WHAT NEEDS TO BE DONE | Reproduce the entries exactly as they appear below.

[Saved entries]
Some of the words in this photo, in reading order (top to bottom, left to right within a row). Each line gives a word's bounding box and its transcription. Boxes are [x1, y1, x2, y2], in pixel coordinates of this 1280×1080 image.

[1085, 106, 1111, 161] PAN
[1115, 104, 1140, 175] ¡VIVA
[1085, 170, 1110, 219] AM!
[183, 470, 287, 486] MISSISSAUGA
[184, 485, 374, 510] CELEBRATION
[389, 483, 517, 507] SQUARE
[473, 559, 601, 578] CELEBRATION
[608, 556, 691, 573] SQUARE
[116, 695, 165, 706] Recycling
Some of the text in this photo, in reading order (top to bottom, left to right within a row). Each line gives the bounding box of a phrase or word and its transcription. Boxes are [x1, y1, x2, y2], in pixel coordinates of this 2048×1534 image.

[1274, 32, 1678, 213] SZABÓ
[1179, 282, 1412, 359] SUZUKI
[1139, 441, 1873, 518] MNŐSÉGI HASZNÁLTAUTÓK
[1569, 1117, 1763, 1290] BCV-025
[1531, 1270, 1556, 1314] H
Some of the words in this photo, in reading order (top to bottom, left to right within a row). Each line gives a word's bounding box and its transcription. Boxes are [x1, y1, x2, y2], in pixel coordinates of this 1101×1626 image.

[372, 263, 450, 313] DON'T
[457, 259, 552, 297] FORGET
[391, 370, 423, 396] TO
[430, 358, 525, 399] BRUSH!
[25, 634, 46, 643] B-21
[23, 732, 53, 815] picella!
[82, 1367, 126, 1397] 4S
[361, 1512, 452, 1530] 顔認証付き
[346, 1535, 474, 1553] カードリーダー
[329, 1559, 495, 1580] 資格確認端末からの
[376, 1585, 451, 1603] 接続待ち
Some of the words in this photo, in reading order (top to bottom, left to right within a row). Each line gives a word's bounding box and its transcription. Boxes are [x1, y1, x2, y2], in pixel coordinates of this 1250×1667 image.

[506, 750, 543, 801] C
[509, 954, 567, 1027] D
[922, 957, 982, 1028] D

ANSWER TO THIS EXERCISE |
Some of the words in this photo, in reading order (top to bottom, left to right within a row). Each line gives a word's bounding box and its transcription. Boxes are [x1, y1, x2, y2], in pixel coordinates of this 1280×1080 image.

[1085, 106, 1111, 161] PAN
[1115, 104, 1140, 175] ¡VIVA
[1085, 170, 1110, 219] AM!
[183, 470, 287, 486] MISSISSAUGA
[184, 485, 374, 510] CELEBRATION
[389, 483, 517, 507] SQUARE
[473, 559, 601, 578] CELEBRATION
[608, 556, 691, 573] SQUARE
[116, 695, 165, 706] Recycling
Some of the text in this photo, in reading order (top to bottom, left to right within a row). Each line gives the bounding box of a phrase or word and its transcription. Boxes are [x1, y1, x2, y2], in pixel coordinates of this 2048×1534 image.

[1274, 32, 1678, 213] SZABÓ
[1179, 282, 1412, 359] SUZUKI
[1139, 441, 1873, 518] MNŐSÉGI HASZNÁLTAUTÓK
[1569, 1117, 1763, 1290] BCV-025
[1531, 1270, 1556, 1314] H
Some of the words in this photo, in reading order (top to bottom, left to right within a row). Each line gives a word's bounding box and its transcription. Boxes are [x1, y1, x2, y2], in pixel coordinates of this 1101×1626 image.

[372, 263, 450, 313] DON'T
[457, 259, 552, 297] FORGET
[391, 370, 423, 396] TO
[430, 358, 525, 399] BRUSH!
[25, 634, 46, 643] B-21
[23, 732, 53, 815] picella!
[82, 1367, 126, 1397] 4S
[361, 1512, 452, 1530] 顔認証付き
[346, 1535, 474, 1553] カードリーダー
[329, 1559, 495, 1580] 資格確認端末からの
[376, 1585, 451, 1603] 接続待ち
Some of the words in this photo, in reading order (top to bottom, left to right within a row). Each line gives a word's bounding box and its transcription. Boxes are [x1, y1, x2, y2], in pixel coordinates of this 1250×1667 image.

[506, 750, 543, 801] C
[509, 954, 567, 1027] D
[922, 957, 982, 1028] D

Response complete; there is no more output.